Walk into JT Restaurant and the first thing you’ll notice is the aroma of Filipino food - home-style dishes lovingly and painstakingly prepared by the renowned Tess.
The sunlight filters through the front windows looking out to Mission Street as Tess finally takes a moment to sit down after the busy lunch rush to talk about her time in the South of Market. Originally called New Pilipinas when it was started in 1994, it took on the name JT Restaurant and Catering in 2010 when Tess took ownership of the establishment.
“J stands for Juan and T is for Tess – that’s why it’s called JT Restaurant and Catering. He’s the one that helped me fix it. He’s a big help to me,” Tess says, smiling fondly at her husband, Juan, as she discusses the challenges she faced in running the business and catering service. “But I’m the one that worked for it.”
A traditional turo-turo, JT Restaurant is one of the oldest Filipino businesses in the SoMa found in the historic Mint Mall.
“‘Turo turo’ is Tagalog – it means ‘to point’ with your finger. We do that in the Philippines - point to the food. Some of the Filipinos that were born here, they don’t know why it’s called a ‘turo turo restaurant’. Filipinos don’t say ‘Oh, I want that’ – sometimes they don’t know the name (of a dish). The food is laid out behind the counter in my restaurant so I’ll explain what a dish is called and what’s in it when someone points to it. That’s why it’s called ‘turo turo’,” Tess explains.
Over the years, Tess has witnessed how the SoMa and the Mint Mall community has changed as local Filipino business owners have moved away. She’s one of the only original entrepreneurs that still remains at the historic location. Mint Mall was once a bustling epicenter of Filipino business and culture, housing everything from the beloved Arkipalego Bookstore to the offices of the Pistahan Festival. Tess herself was the one who personally catered and provided food for the Pistahan dancers and volunteers until 2011.
“Before, Arkipalego was here. Manilatown was downstairs. And the Pistahan office used to be here, too. Luz De Leon, the first one who ran Pistahan, used to be here before she retired to the Philippines. There used to be someone who sold barongs, too. Now, not anymore. They closed their businesses. We’re one of the only original tenants left here, even though lots of Filipinos still live inside the Mint Mall,” Tess says.
Tess – affectionately called “Ate Tess” or “Mama Tess” by nearly everyone who walks through the door – is not only the incredible chef behind the traditional, home-cooked dishes but the very heart of the community. The appeal is not just the delicious food, but Tess herself – a friendly face and a space that feels like home from the moment you step through the door.

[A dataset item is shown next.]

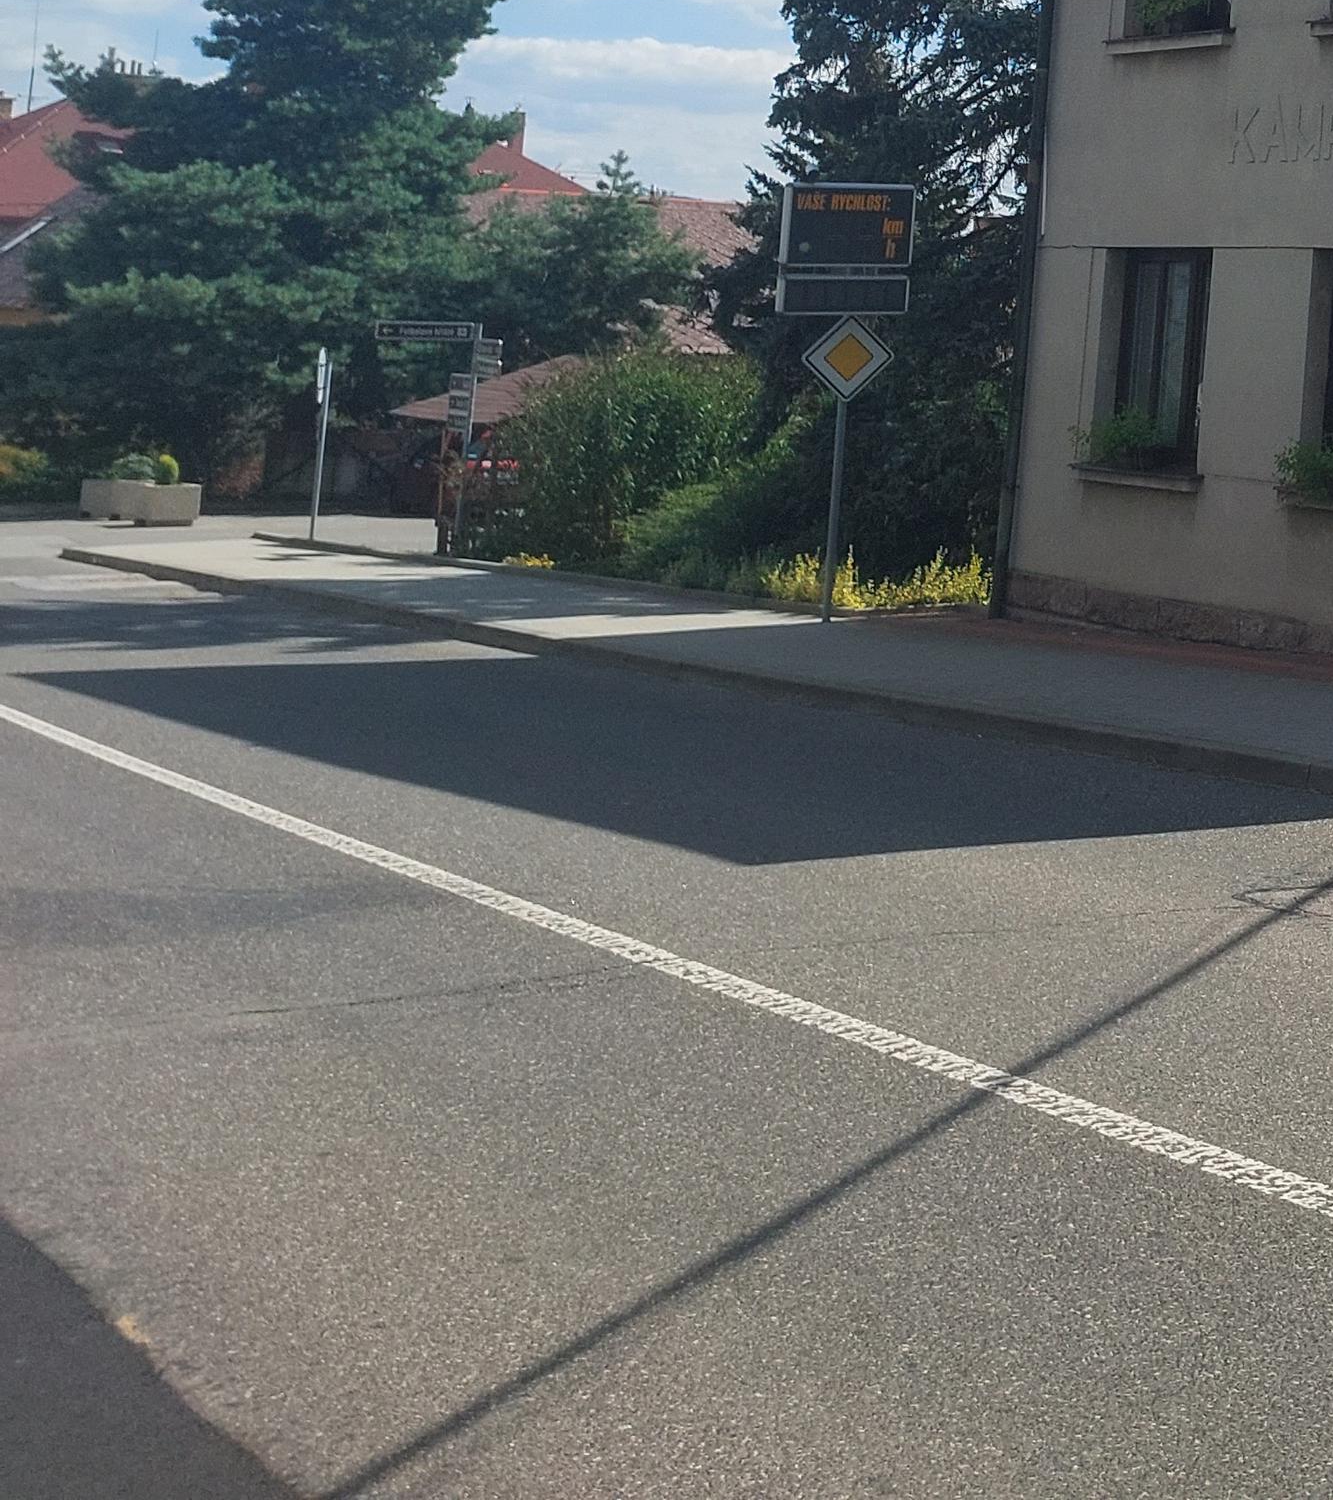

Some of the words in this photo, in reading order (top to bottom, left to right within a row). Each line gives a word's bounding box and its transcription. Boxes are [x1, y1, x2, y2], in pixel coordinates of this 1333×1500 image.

[797, 190, 826, 210] VAŠE
[883, 217, 905, 234] km
[885, 239, 897, 259] h

“Tess is so nice to everyone – that’s why people keep coming back,” says Ratika, who stops in after her voice lessons to have her favorite dish - beef stew and rice. “This is the community eating place. The food feels homemade and wholesome and then Tess is so friendly so even if I’ve had a bad day, I’m gonna feel good when I come here. Community leadership takes different forms and Tess is an example of that. Food is the way to bring people together, it’s a form of comfort.”
While JT Restaurant serves Filipino cuisine, it caters to a diverse audience: regulars who work at nearby businesses and stop in during the busy lunch hour, students from Dental Pacific who pop in after classes, and seniors who are looking for a savory meal that reminds them of home. Everyone seems to have a favorite, go-to dish from Tess’s ever-changing menu of classic Filipino dishes and desserts. Regardless of what’s on the menu for the day, the abundance of customers who walk through the door stay a little longer for Tess’s sage advice or a conversation about home, family, and life.
“Every time someone has a problem, they come here. They’ll say ‘You’re not only a restaurant, you’re Helen Vela’ – they always tell me that,” Tess says, referencing the Helen Vela novellas of the past whose advice and heart-to-heart conversations were a hit in the Philippines. Regardless of the time period, Tess’s advice - just like her cooking - stands the test of time.
“If they need advice, I’m here. I’m not perfect, but I’ll give you the real advice – the truth. I know we cannot stand alone – we need the help of others. But still, you need to have trust in yourself first. Trust in yourself that you can do it – that’s the best thing.”
For Tess, Undiscovered SF is a chance to share her cooking with the larger community - one that she’s been a part of for decades. She cooks not only because of her love and passion for Filipino food, but for the joy and excitement that she sees in the people who sit down at JT Restaurant.
“I want them to remember, ‘Oh, there’s an event like this!’,” Tess smiles when she talks about the premiere of Undiscovered on July 21st. “I want them to think there’s something special about the day that Undiscovered happens and that’s why they want to go there. That’s what I’m always thinking about, here at JT Restaurant – I want to do something that will stick in people’s minds and that’s why they want to keep coming back.”